Here’s an outline of the Court’s reasoning:

1. The statute is not limited to speech that fits in a historically recognized First Amendment exception (more on that in another post). Though animal cruelty has been banned for a long time pretty much throughout the country, depictions of animal cruelty have not been.

2. The statute is very broad, covering not just depictions of activity that is illegal pretty much everywhere in the U.S. (note the distinction from child pornography law in this respect), but also depictions of hunting, agricultural practices, and other things that are legal in some places but illegal in others.

3. The statute should be read as broadly as its written, rather than assuming that prosecutorial discretion will limit it to depictions of “‘extreme’ cruelty.” Prosecutorial discretion is not a sufficient protection for free speech. (See here for a more extended quote.)

4. Nor does the exception for speech with “serious value” sufficiently narrow the law. Even speech that has merely modest value is constitutionally protected (setting aside the traditionally recognized exception for obscenity). I’ll blog a bit more about this point later.

5. Because “the Government makes no effort to defend the constitutionality of § 48 as applied beyond crush videos and depictions of animal fighting,” and because the law does indeed reach a lot of speech beyond those narrow categories, there’s no discussion of whether even such a broad law would be constitutionally defensible (perhaps on the theory that, despite its breadth, it’s necessary to serve a compelling government interest). But the implication, I think, is that the Justices do indeed see this law as being unjustifiably broad.

Now what if the law were narrower, and was focused only on depictions of conduct that is illegal pretty much everywhere (or perhaps literally everywhere) in the country? The Court deliberately declines to address this question. But if I had to defend such a law, I would use the Court’s characterization of the rationale for the child pornography exception: Because “[t]he market for child pornography was ‘intrinsically related’ to the underlying abuse, and was therefore ‘an integral part of the production of such materials, an activity illegal throughout the Nation,’” it fit within a longstanding exception for “speech or writing used as an integral part of conduct in violation of a valid criminal statute.”

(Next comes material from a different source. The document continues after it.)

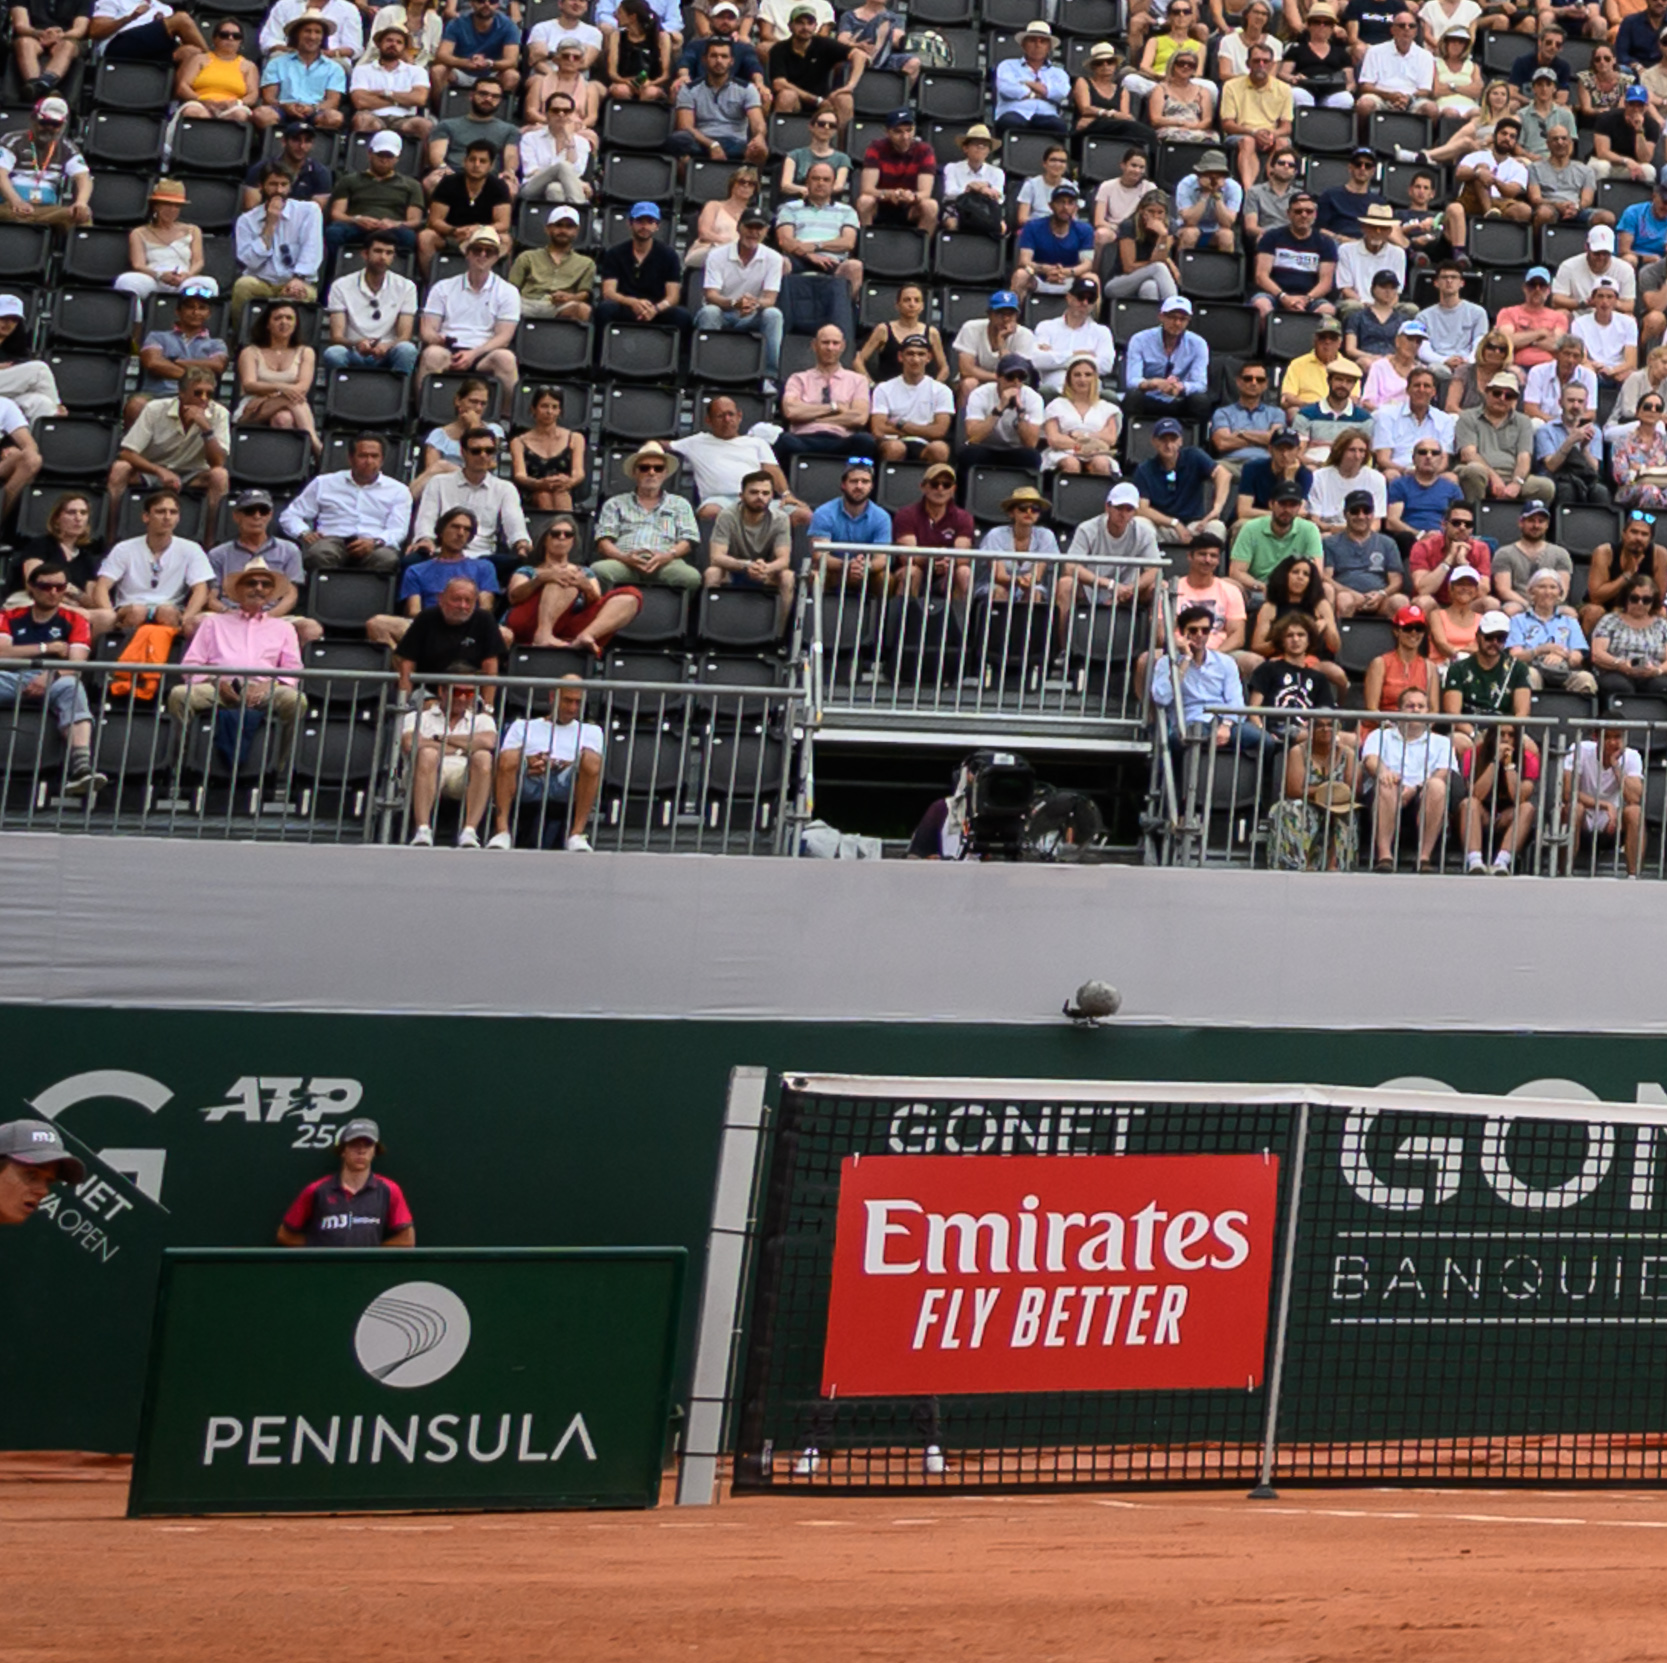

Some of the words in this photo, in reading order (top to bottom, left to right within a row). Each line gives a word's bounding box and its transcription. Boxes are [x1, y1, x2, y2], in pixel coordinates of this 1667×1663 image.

I think there is real trouble with this supposed “integral part of criminal conduct” exception, that it needs to be defined much more precisely than the Court has done so far, and that the case on which the Court relies here — Giboney v. Empire Storage & Ice Co. (1949), is highly problematic. (For more, see Part II of this article, though I hope to blog more on the subject.) But I certainly agree that this exception should exist in some version, whether or not it’s broad enough to cover a narrower ban on distributing depictions of those forms of animal cruelty that are illegal pretty much everywhere in the U.S. And it is the existence (and vagueness) of this exception that leaves uncertain the question whether such a narrower ban would be constitutional.